Tomasz Wójcik (born 6 June 1963 in Warsaw) is a Polish graphic designer, stage designer, theater director and doctor of physical sciences. Creates posters for plays, films, festivals and cultural events and promoting public awareness campaigns.

Early life 
Tomasz Wójcik was born as son of the cinematographer, professor of the National Film School in Łódź, Jerzy Wójcik and the film and theater actress Magda Teresa Wójcik. He studied physics on the Warsaw University of Technology and received his doctorate under professor Jan Petykiewicz in 1996.

Works 
His posters were exhibited at numerous exhibitions including International Poster Biennial in Wilanów, Lahti Poster Biennial, International Biennial of the Poster in Mexico City, Trnava Poster Triennial. Poster for the Polish film The complaint (Skarga) was named the best poster on Human Rights Watch International Film Festival in Strasbourg, France (1992)

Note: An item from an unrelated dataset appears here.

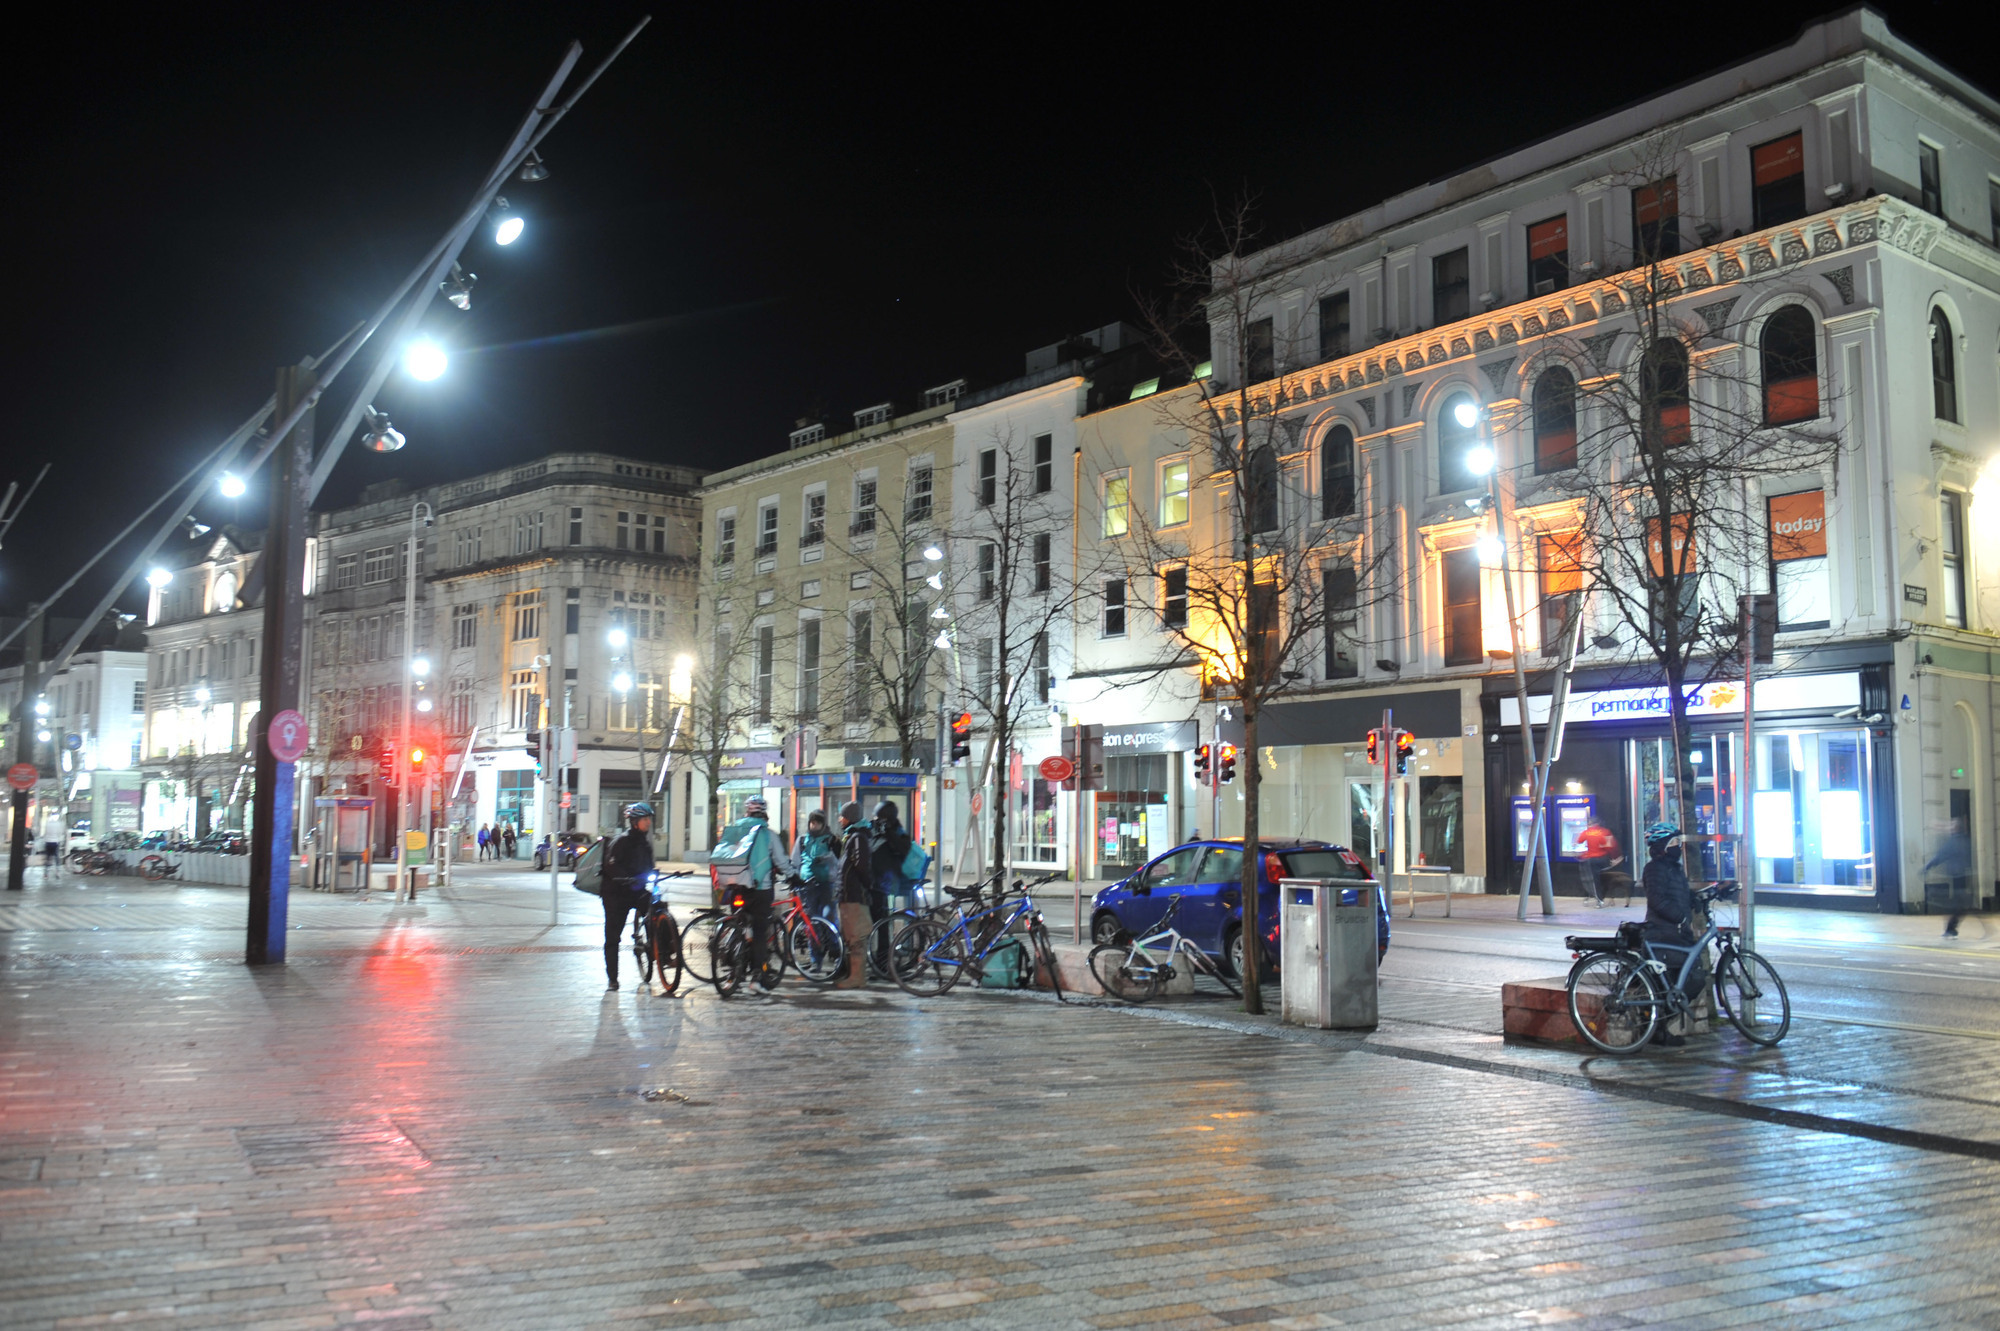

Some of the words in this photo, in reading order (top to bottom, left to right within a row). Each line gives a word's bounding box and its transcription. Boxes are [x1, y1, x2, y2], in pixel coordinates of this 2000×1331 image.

[1775, 516, 1823, 535] today
[1592, 697, 1670, 717] permanen
[1123, 731, 1167, 749] express
[880, 774, 907, 784] eircom

Since 1986, Tomasz Wójcik designs stage sets and theatrical costumes. He is the author of 50 projects, both for performances of classical works, such as Antigone by Sophocles, Bhagavad Gita based on the Mahabharata, Richard III by William Shakespeare, as well as modern texts, such as: The Process by Franz Kafka, The Plague by Albert Camus, The Emperor by Ryszard Kapuściński.

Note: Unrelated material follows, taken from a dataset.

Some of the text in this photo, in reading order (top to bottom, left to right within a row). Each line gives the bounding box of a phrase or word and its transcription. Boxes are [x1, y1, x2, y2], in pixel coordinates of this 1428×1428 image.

In 1991 he made his debut as a theater director carrying out spectacle of Die Panne by Friedrich Dürrenmatt (Teatr Adekwatny, Warsaw). He also directed the original spectacle Glare (1993, Teatr Adekwatny, Warsaw) and Macbeth by William Shakespeare (2003, Teatr Na Woli, Warsaw).

Tomasz Wójcik is member of the authorities of the Teatr Adekwatny Association and was the artistic director of their projects: Festival of Contemporary Art – Four Elements, cycles of concerts and performances Lenten Triptych, cycles of screenings and meetings with the filmmakers Animagic. He was the artistic manager of the Warsaw artistic club Lokal Użytkowy.

He is the author of several graphic projects implemented in Poland and abroad, such as: visual identification of international cooperation project of art universities Inter-artes, projects of books and magazines, among others. Labyrinth of Light (Labirynt światła) by Jerzy Wójcik (2006), Hero's expedition (Wyprawa bohatera) by Seweryn Kuśmierczyk (2014).

He designed also record covers, among others: Air by Jerzy Malek (2011), Komeda-Chopin-Komeda by Lena Ledoff (2011), As sung by Billie Holiday by Ida Zalewska (2012),

Tomasz Wójcik has also designed the exhibition to celebrate the 100th anniversary of the Warsaw School of Economics in Chicago and the exhibition Reconstitution of the Memory of Poland in the European Parliament in Brussels.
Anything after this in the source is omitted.